Enabling this option allows the processor to transition to its minimum frequency upon entering C1. This setting does not take effect until after you have rebooted the server. In disabled state, the CPU continues to run at its maximum frequency in C1 state. Users should disabled this option for performing application benchmarking.

Processor State C6:

Enabling this option allows the processor to send the C6 report to the Operating system. Users should disabled this option for performing application benchmarking.

Energy Performance:

This BIOS option allows you to determine whether system Performance or energy efficiency is more important on server. This can be one of the following: Balanced Energy, Balanced Performance, Energy Efficient and Performance. Note: Power Technology must be set to Custom to expose these BIOS option.

CPU Performance:

This BIOS option allows the enabling/disabling of a processor mechanism in 3 modes Enterprise, High-Throughput and HPC. Setting this BIOS option in Enterprise and High-throughput mode, will enable all the prefetchers and disables Data Reuse technology. Setting this BIOS option in HPC mode, will enable all the prefetchers and enables Data Reuse technology.

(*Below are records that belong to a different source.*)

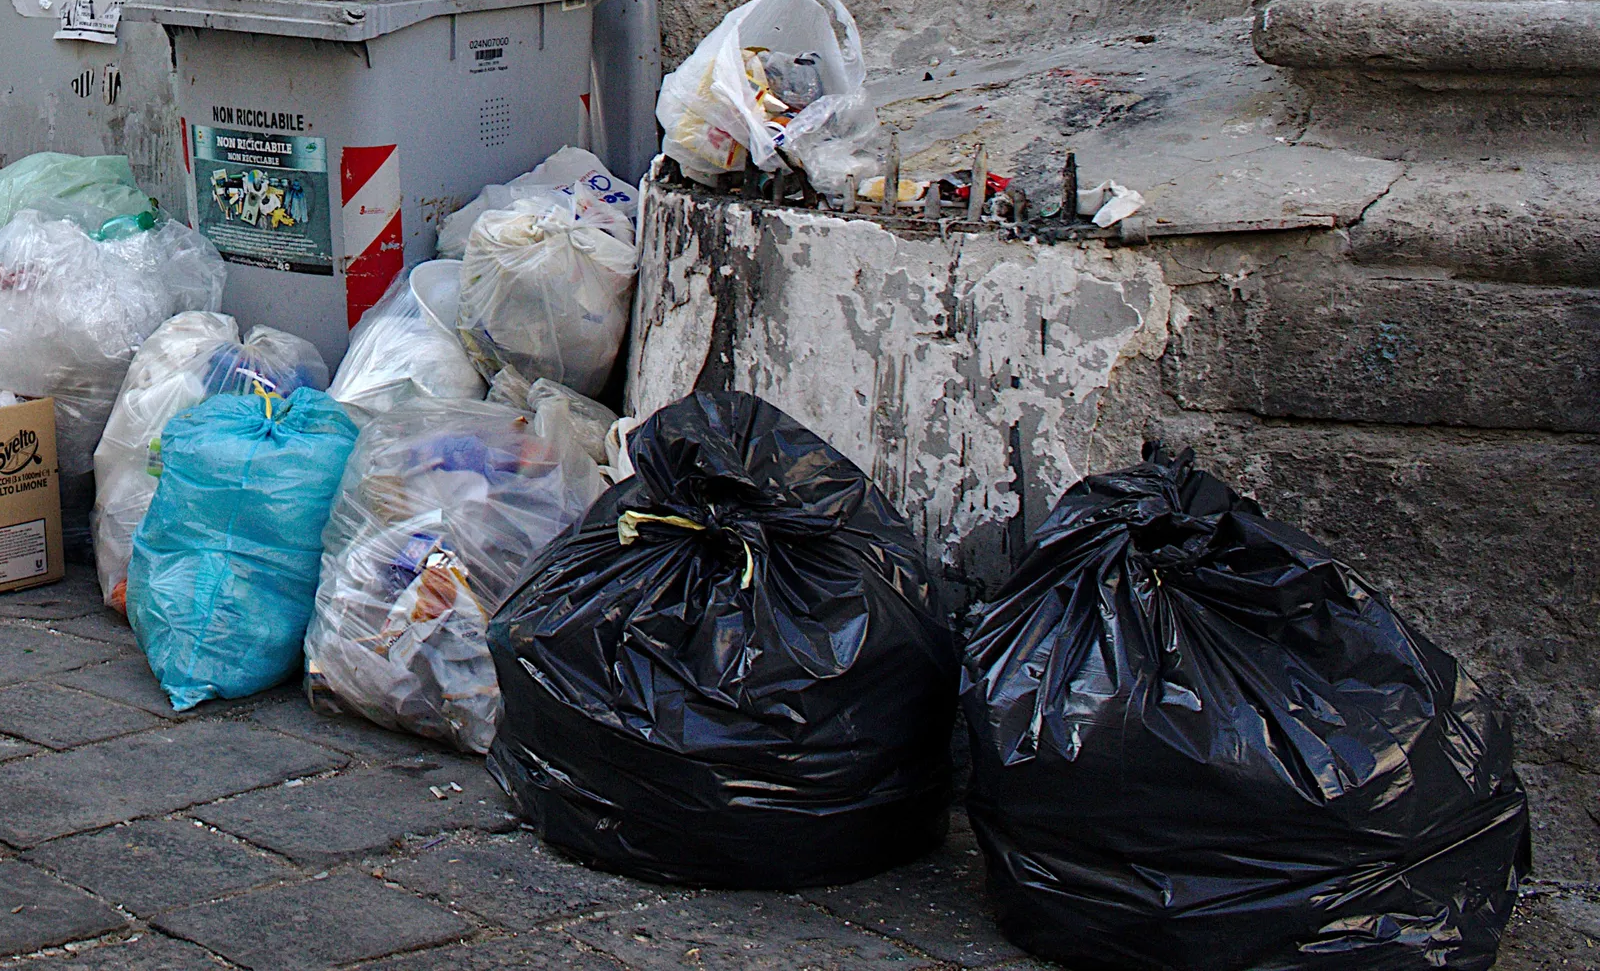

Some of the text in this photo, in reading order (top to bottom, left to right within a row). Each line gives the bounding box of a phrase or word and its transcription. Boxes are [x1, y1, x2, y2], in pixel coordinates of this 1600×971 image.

[213, 106, 304, 131] NON RICICLABILE
[216, 136, 292, 154] NON RICICLABILE
[228, 152, 280, 166] NON RECYCLABLE
[22, 470, 41, 481] 1000ml
[16, 479, 47, 493] LIMONE

Low Voltage DDR Mode and DRAM Clock Throttling:

This BIOS option allows the enabling/disabling of a memory operations. Setting this BIOS option in Power-saving-mode, will prioritizes low voltage memory operations over high frequency memory operations. This mode may lower memory frequency in order to keep the voltage low. Setting this BIOS option in Performance-mode, will prioritizes high frequency operations over low voltage operations.

High Bandwidth:

Enabling this option allows the chipset to defer memory transactions and process them out of order for optimal performance.

ulimit -s <n>

Sets the stack size to n kbytes, or unlimited to allow the stack size to grow without limit.

numactl --interleave=all "runspec command"

Launching a process with numactl --interleave=all sets the memory interleave policy so that memory will be allocated using round robin on nodes. When memory cannot be allocated on the current interleave target fall back to other nodes.

Free the file system page cache

The command "echo 1> /proc/sys/vm/drop_caches" is used to free up the filesystem page cache.

Using numactl to bind processes and memory to cores

For multi-copy runs or single copy runs on systems with multiple sockets, it is advantageous to bind a process to a particular core. Otherwise, the OS may arbitrarily move your process from one core to another. This can effect performance. To help, SPEC allows the use of a "submit" command where users can specify a utility to use to bind processes. We have found the utility 'numactl' to be the best choice.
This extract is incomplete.